--- Goal of the exercise ---
Every record below must be copied exactly, with images dropped.

┄┄┄┄┄┄┄┄┄┄┄┄┄┄┄┄┄┄┄┄

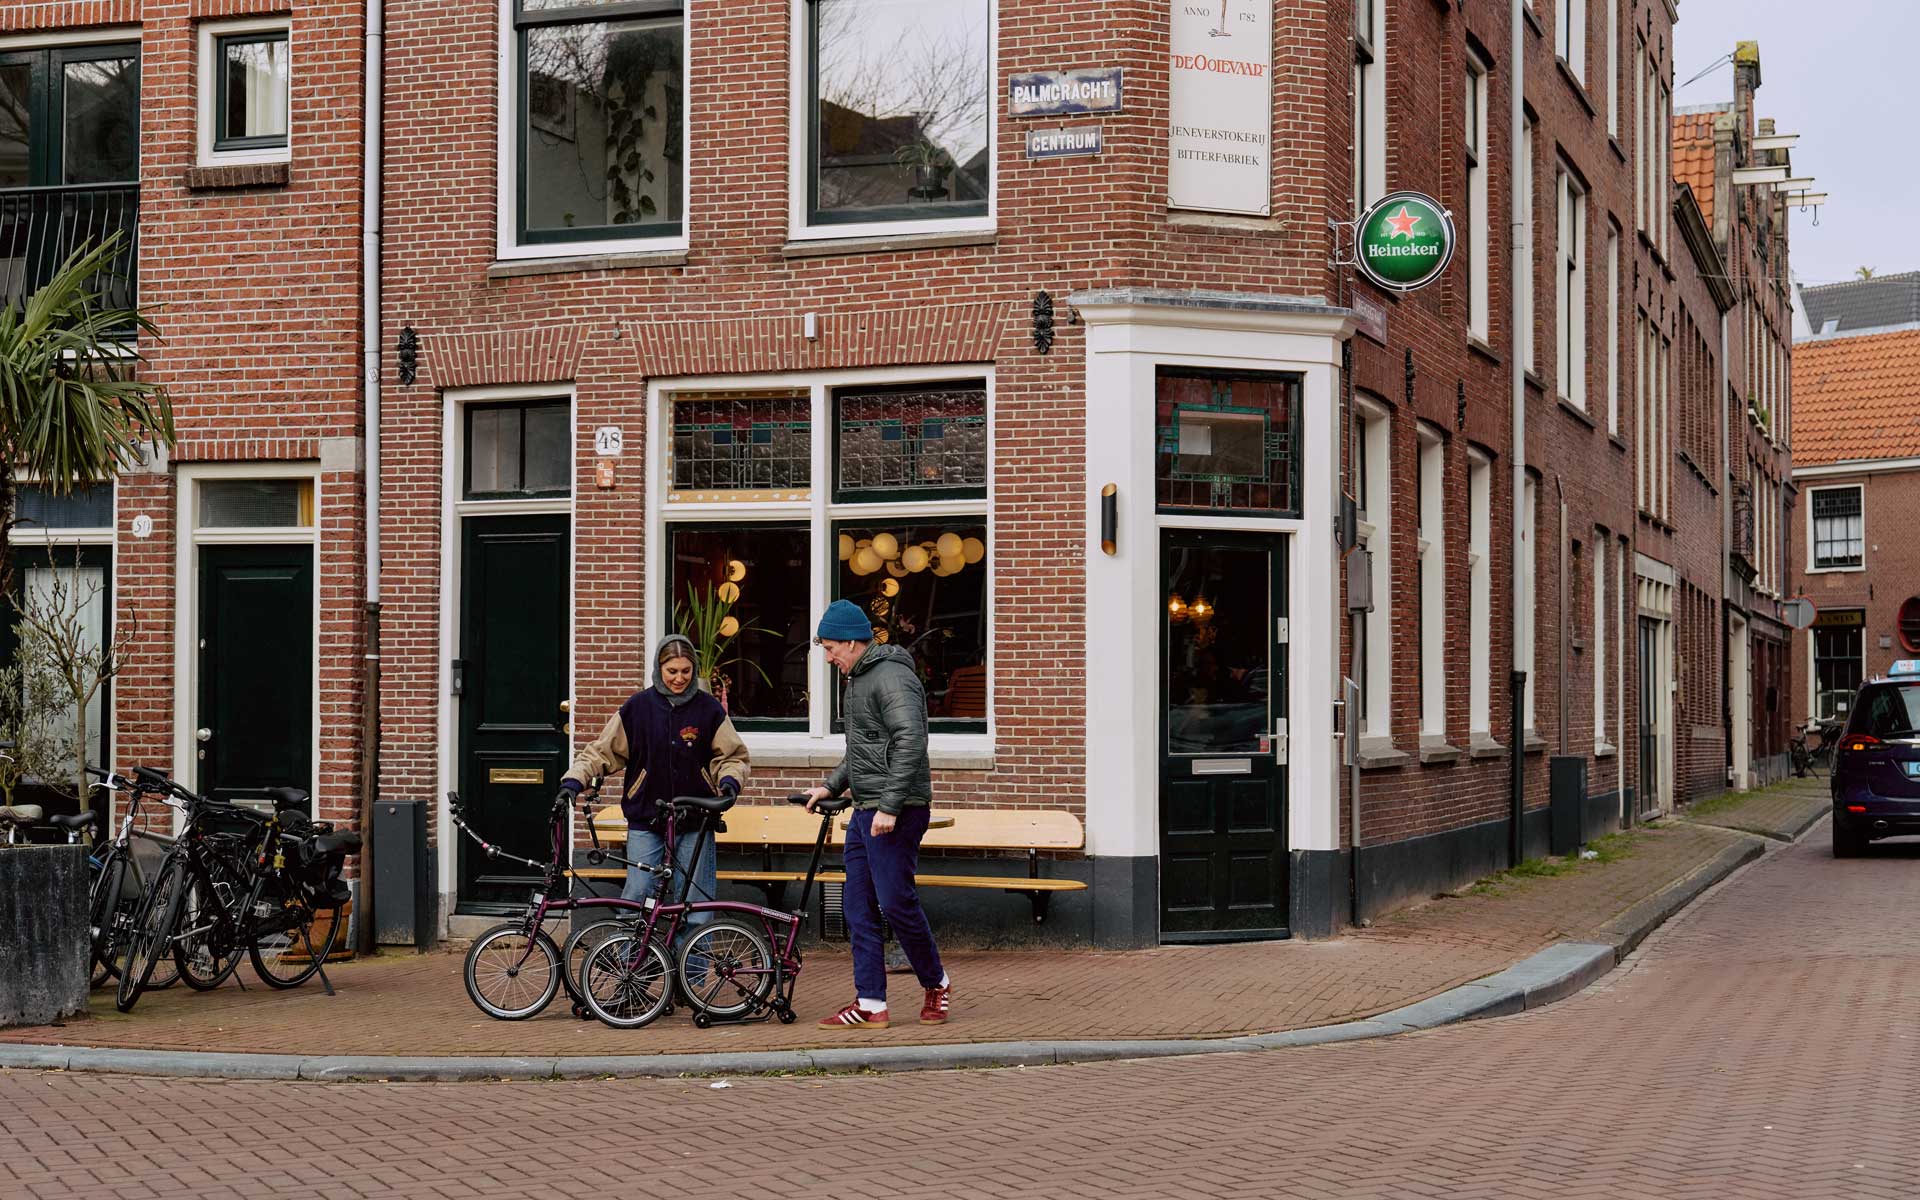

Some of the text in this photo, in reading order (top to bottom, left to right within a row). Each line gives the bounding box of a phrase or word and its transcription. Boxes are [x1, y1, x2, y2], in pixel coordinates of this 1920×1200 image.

[1183, 6, 1256, 22] ANNO 1782
[1031, 132, 1096, 152] CENTRUM
[1168, 125, 1266, 146] JENEVERSTOKERIJ
[1177, 149, 1260, 166] BITTERFABRIEK
[1368, 242, 1439, 257] Heineken
[598, 431, 621, 449] 48
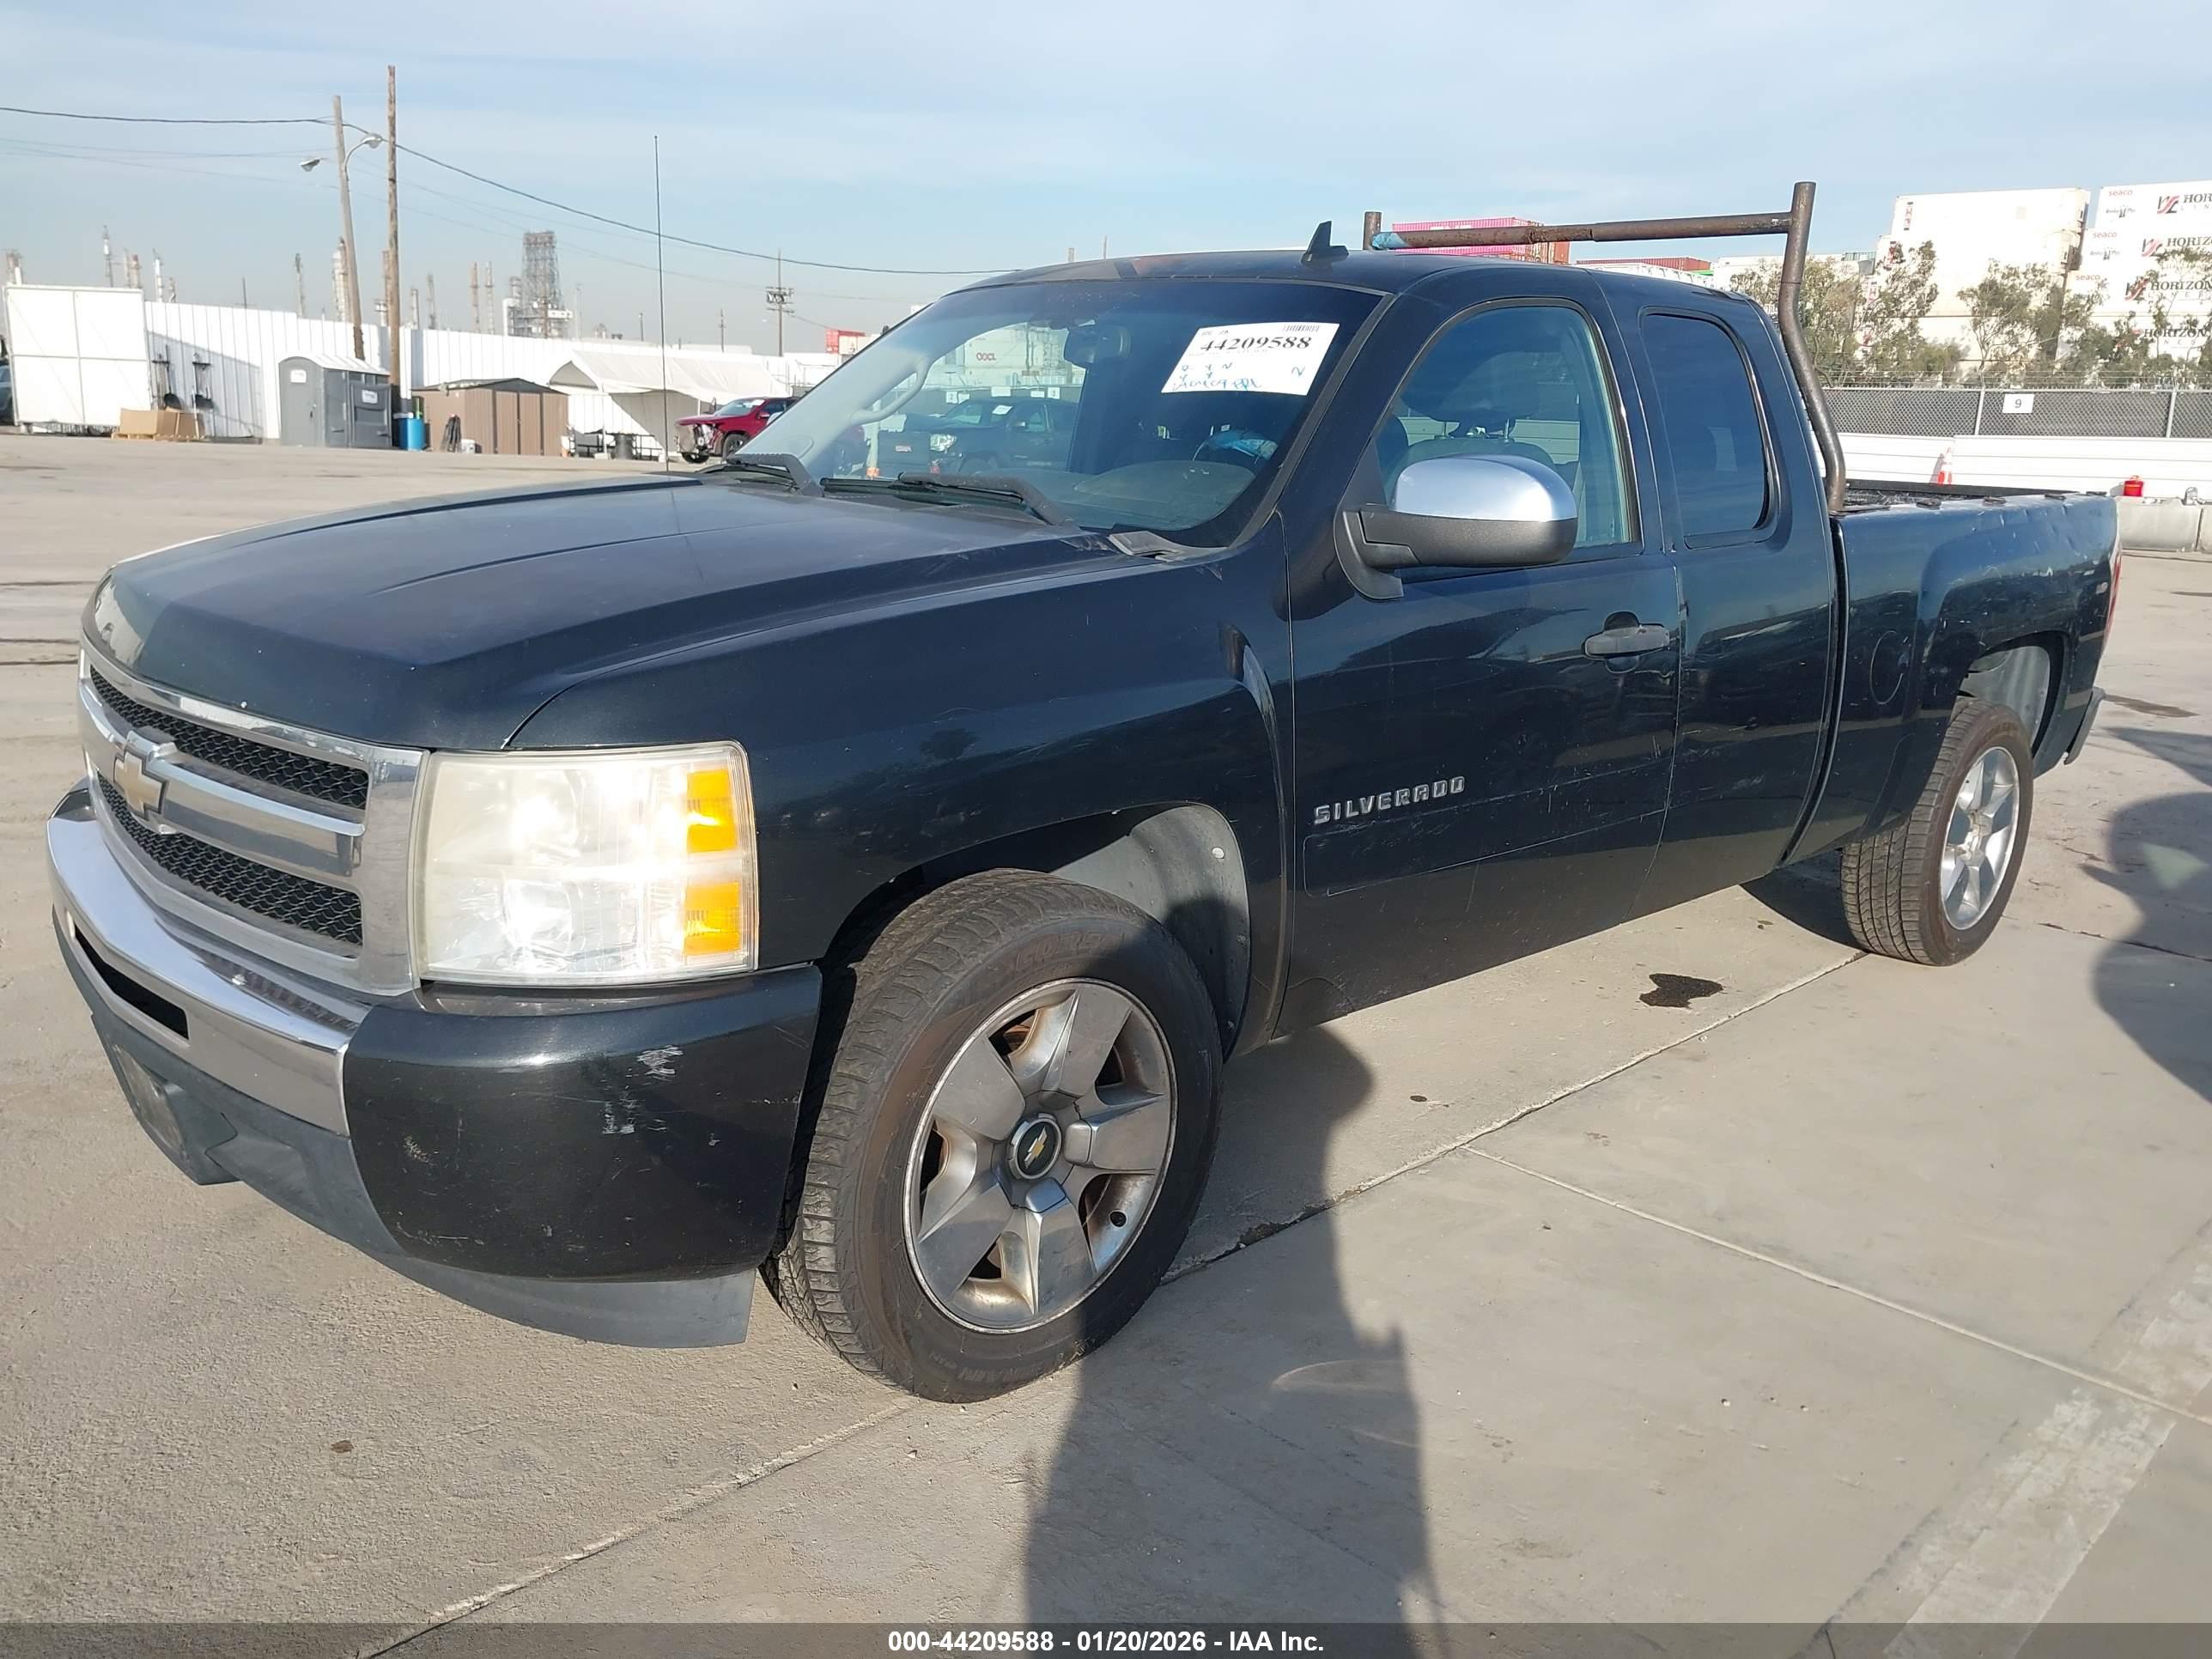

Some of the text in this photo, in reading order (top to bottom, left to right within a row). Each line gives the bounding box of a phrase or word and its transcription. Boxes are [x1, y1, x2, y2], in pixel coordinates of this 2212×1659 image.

[2108, 188, 2133, 197] seaco
[2166, 236, 2212, 247] HORIZ
[1200, 336, 1312, 351] 44209588
[975, 351, 997, 362] OOCL
[2014, 398, 2022, 409] 9
[1314, 775, 1466, 825] SILVERADO

┄┄┄┄┄┄┄┄┄┄┄┄┄┄┄┄┄┄┄┄

--- The answer ---
Some of the text in this photo, in reading order (top to bottom, left to right within a row). Each line gives the bounding box of a phrase or word and its transcription. Boxes are [x1, y1, x2, y2], in pixel coordinates of this 1920×1200 image.

[1183, 6, 1256, 22] ANNO 1782
[1031, 132, 1096, 152] CENTRUM
[1168, 125, 1266, 146] JENEVERSTOKERIJ
[1177, 149, 1260, 166] BITTERFABRIEK
[1368, 242, 1439, 257] Heineken
[598, 431, 621, 449] 48

Some of the text in this photo, in reading order (top to bottom, left to right within a row). Each line gives the bounding box of a phrase or word and its transcription. Boxes are [x1, y1, x2, y2], in pixel coordinates of this 2212×1659 image.

[2108, 188, 2133, 197] seaco
[2166, 236, 2212, 247] HORIZ
[1200, 336, 1312, 351] 44209588
[975, 351, 997, 362] OOCL
[2014, 398, 2022, 409] 9
[1314, 775, 1466, 825] SILVERADO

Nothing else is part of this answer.